Well before COVID-19 struck New Mexico, New Mexico was striking COVID-19. Los Alamos National Laboratory (LANL) began its research on COVID-19 in late January, one of several national labs to position itself as an early mover in fighting the pandemic research with high-performance computing. As the pandemic nears the one-year mark, LANL has published a retrospective highlighting the wide variety of COVID-19 computing projects that the lab hosted over the last 11 months.
Pivoting LANL epidemiology to COVID-19
Some LANL researchers, like scientist Dave Osthus, had an easy pivot to COVID-19 thanks to ongoing virus research that preceded the pandemic. Osthus and his colleagues provide weekly infection forecasts during flu season using a model so successful that it had won awards in previous flu seasons. In the midst of submitting this model for this year’s CDC FluSight flu modeling competition, the competition was canceled as the pandemic began to sweep the world.
The team iterated on their model to accommodate COVID-19 forecasting, eventually settling on a minimalist model that ingests infection data, death data and population sizes to continuously forecast new infections. In contrast to the flu models, however, the COVID-19 model uses LANL’s Darwin supercomputer. “As of now,” Osthus said, “our system is one of only a handful of models being used by the CDC that has consistently outperformed the baseline models.”
Similarly, LANL computational scientist Timothy Germann had been developing EpiCast – an agent-based virus model – for around 15 years before the pandemic struck. EpiCast simulates a virtual city populated by individuals in different demographics with different professions, then studies how those individuals behave and how that behavior spreads a virus with given parameters. Originally built to study smallpox and the avian flu, Germann and his colleagues have now adapted the tool to study how COVID-19 would spread through New Mexico. EpiCast has been used to guide public policy decisions in the state.

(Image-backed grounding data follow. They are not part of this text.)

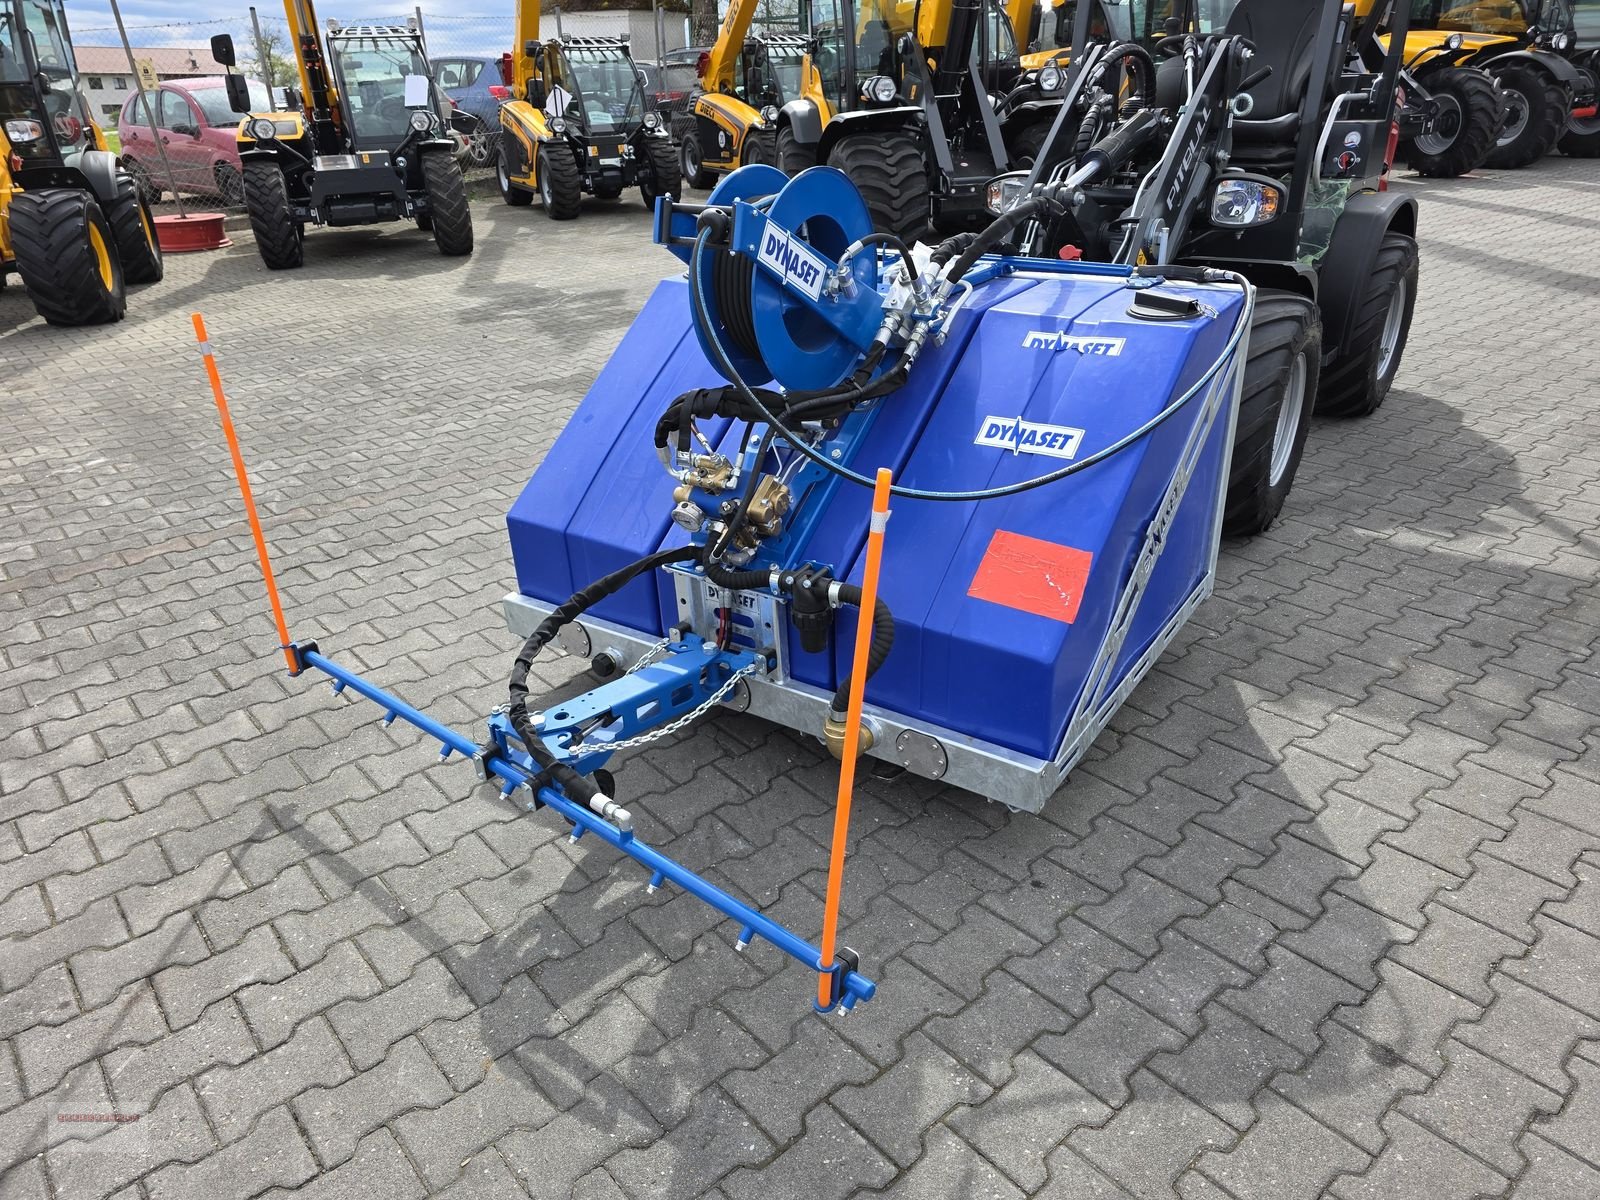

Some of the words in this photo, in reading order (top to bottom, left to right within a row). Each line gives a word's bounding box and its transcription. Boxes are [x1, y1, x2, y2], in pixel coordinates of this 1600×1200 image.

[1166, 106, 1212, 211] PITBULL
[765, 233, 820, 288] DYNASET
[985, 420, 1074, 450] DYNASET
[707, 585, 755, 609] DSET
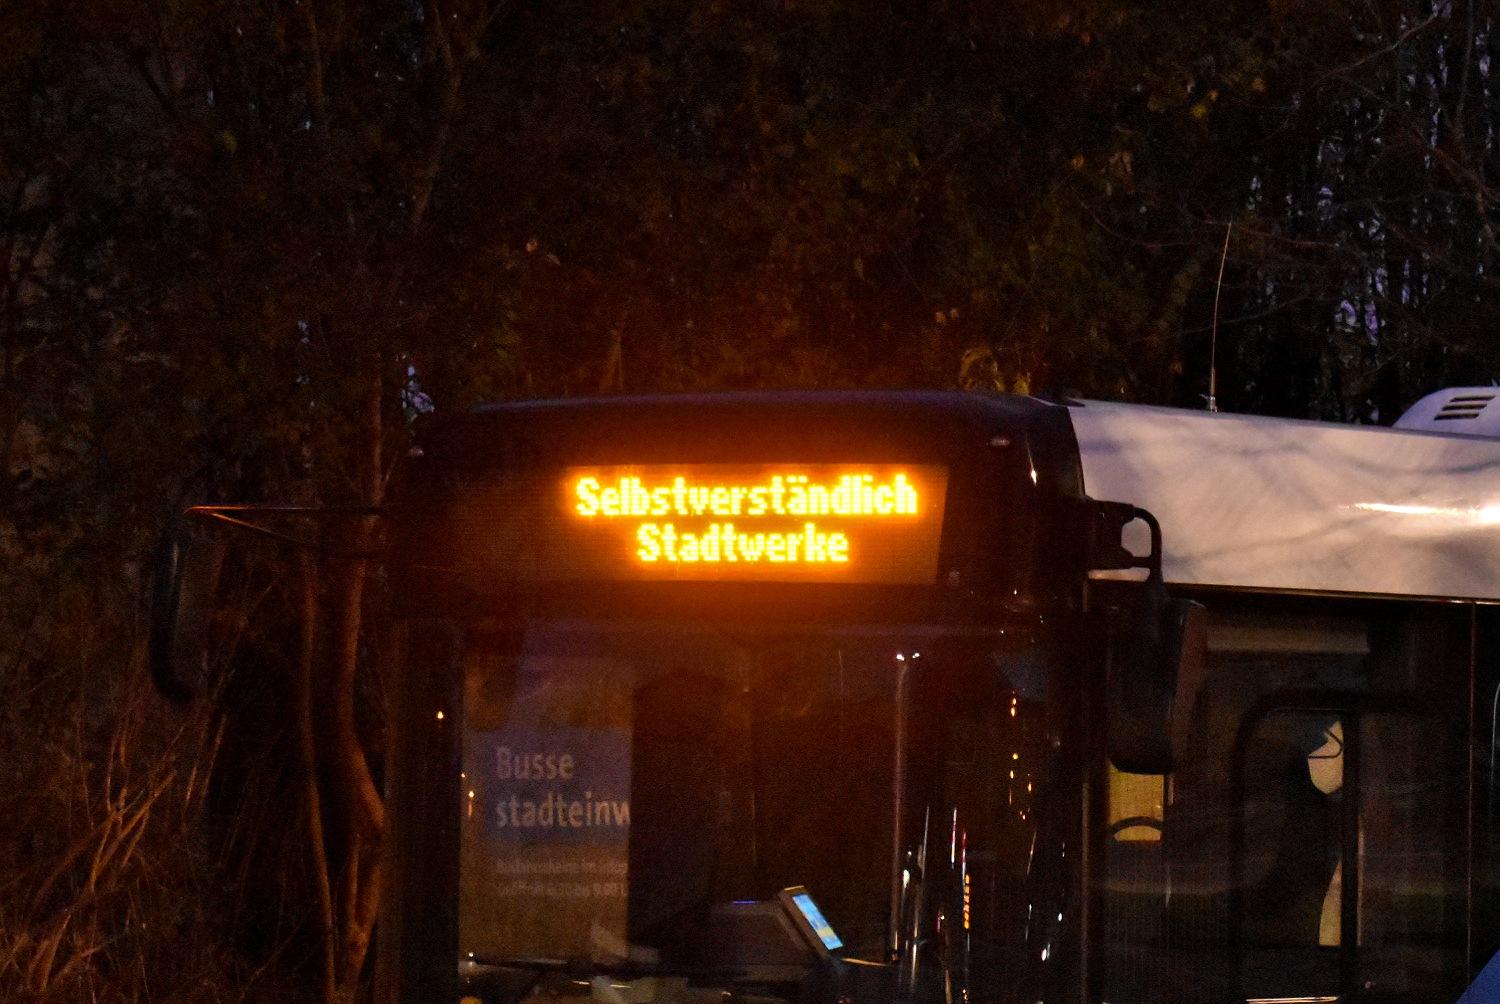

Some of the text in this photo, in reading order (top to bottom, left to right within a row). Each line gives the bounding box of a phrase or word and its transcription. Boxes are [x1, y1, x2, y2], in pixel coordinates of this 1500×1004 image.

[576, 473, 918, 516] Selbstverständlich
[636, 522, 849, 563] Stadtwerke
[497, 747, 575, 780] Busse

LANL information scientist Ashlynn Daughton also pivoted her work, which had previously focused on analyzing travel cancelation indicators in social media posts to understand public sentiment on the Zika virus. Building on this foundation, Daughton created an algorithm that pulled social media posts from Twitter and reddit that analyzed sentiment around social distancing, hand-washing and mask-wearing. “In the long term, it will be interesting to see whether living in a place where online misinformation about COVID-19 is widespread makes you more likely to buy into that misinformation and put yourself at risk,” Daughton said.
“With our history in epidemiological modeling and research, it was a natural pivot for us,” said associate lab director J. Patrick Fitch, who leads the lab’s coronavirus response. “From an impact point of view, the modeling we’re doing with computers has changed our country’s understanding of this pandemic.”
Understanding the biology of the virus
Others started from scratch, trying to understand the mysterious origins and behavior of the virus. LANL mathematical biologist Ruy Ribeiro worked with his colleagues to model how SARS-CoV-2 affected human organs, primarily how it migrated from the upper respiratory tract to the lungs. Using their model, the team identified when people proved most infectious and identified when in the course of an infection certain therapeutics could prove more (or less) effective.
Theoretical biologist Bette Korber, meanwhile, examined the various variations of the virus using geographic information from GISAID virus genome samples. She and her colleagues concluded that a specific variation (“D614G”) had become the most prevalent variation.
Similarly, computational biologist Thomas Leitner developed a “genetic tree” for COVID-19, tracing its genetic history back to its ostensible origins in China using the same GISAID database. “There are fewer atoms in the universe than the number of topologies I can create with 49,000 genetic variations of this virus.” Leitner said. “I’ve definitely got my work cut out for me.”
Bridging the gap for hospitals
Yet other LANL researchers focused on ensuring hospitals were well-equipped to handle COVID-19 patients. LANL data analyst Paolo Patelli and computational scientist Nidhi Parikh, for instance, created a predictive tool to anticipate demand for ventilators in a given state. “Since then,” Parikh said, “we’ve expanded the program to include personal protective equipment, medications, and almost anything a hospital needs to help COVID-19 patients.”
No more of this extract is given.